Che differenza c’è fra un pulcino che torna di corsa affannato da mamma chioccia e Anna seduta a prendere un caffè, in preda a un’angoscia non governabile? Il pulcino ha avuto un attacco di panico, così come Anna, ma con episodi opposti. Il pulcino prova un terremoto di adrenalina, scatenato da un’impennata di ansia e paura, fino, appunto, al panico, quando giunge alla distanza critica dalla mamma. Se non lo avesse, e si allontanasse di più, in un secondo sarebbe agguantato dai predatori.

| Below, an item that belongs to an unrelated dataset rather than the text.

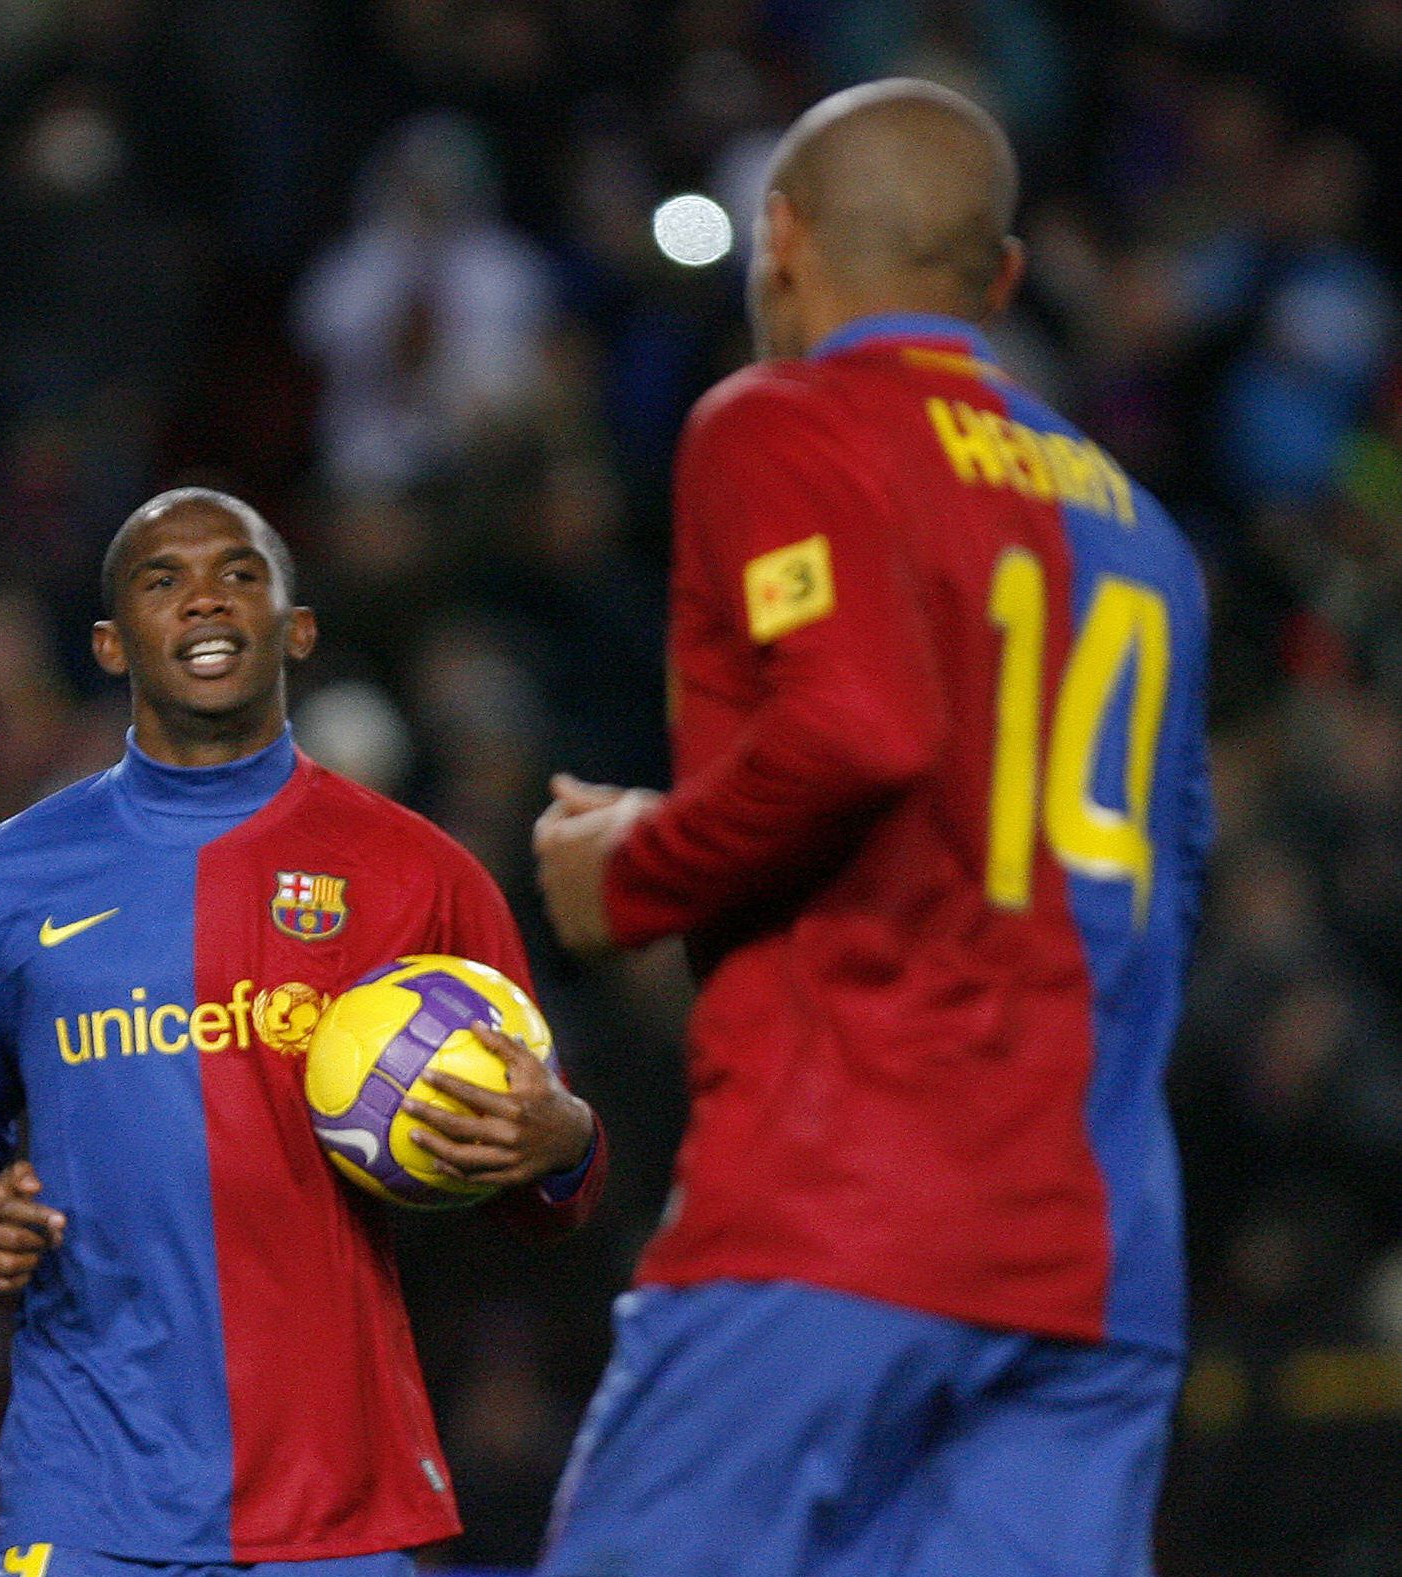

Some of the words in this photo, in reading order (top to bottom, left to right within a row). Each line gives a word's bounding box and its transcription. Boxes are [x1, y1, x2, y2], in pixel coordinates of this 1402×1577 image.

[925, 395, 1138, 530] HENRY
[984, 544, 1171, 940] 14
[55, 979, 254, 1066] unicef

La selezione naturale ha dunque privilegiato nel piccolo pennuto la reazione più utile a sopravvivere. Questa reazione primordiale, che crea un cortocircuito nel cervello e nel corpo, è strettamente legata al bisogno di sopravvivenza individuale. Scatta quando qualcosa o qualcuno minaccia la nostra vita, la nostra salute, la nostra integrità, reale o simbolica. Eppure Anna, apparentemente non si sentiva minacciata: come nasce il suo attacco di panico?
L’attacco di panico coinvolge mente e corpo attraverso una rapidissima sequenza di reazioni fisiche ed emotive che sono più veloci di qualsiasi processo razionale.
Che cosa succede esattamente nel nostro cervello?
Nel tentativo di chiarire meglio il meccanismo di insorgenza dell’attacco di panico molti studiosi si sono dedicati alla ricerca degli aspetti biochimici e delle aree neuroanatomiche potenzialmente coinvolte nella genesi dell’attacco di panico. Gli aspetti biochimici si riferiscono a quelle sostanze che mettono in contatto tra loro le cellule nervose, chiamate “neurotrasmettitori”.
Grove et al. (1997) ritengono che nell’attacco di panico siano coinvolti diversi sistemi di neurotrasmettitori che si influenzano reciprocamente. A riprova di ciò il fatto che si possano ottenere riduzioni significative della sintomatologia dell’attacco di panico agendo per vie diverse, o direttamente attraverso farmaci che influenzano circuiti neuronali che usano neurotrasmettitori diversi quali noradrenalina, serotonina e gaba o indirettamente attraverso interventi psicoterapici che modificando gli aspetti cognitivi ed emotivi vanno anch’essi ad influenzare l’equilibrio dei vari neurotrasmettitori.
Il ruolo del“locus coeruleus”
Grazie all’uso di tecniche di neuroimagining come la Pet si è potuto osservare come varia il metabolismo nelle diverse aree cerebrali durante l’attacco di panico. L’ipotesi più accreditata vede partire il comando che porta alla manifestazione dei sintomi di ordine fisico come tachicardia, sudorazione, tremore, etc., da una piccola zona del cervello denominata “locus coeruleus”.
Componente del “circuito neurale della paura”, il “locus coeruleus” è la principale fonte di noradrenalina, la cui stimolazione determina un grande rilascio del neurotrasmettitore noradrenalina che va ad agire in senso eccitatorio sui vari organi producendo i sintomi sopra menzionati.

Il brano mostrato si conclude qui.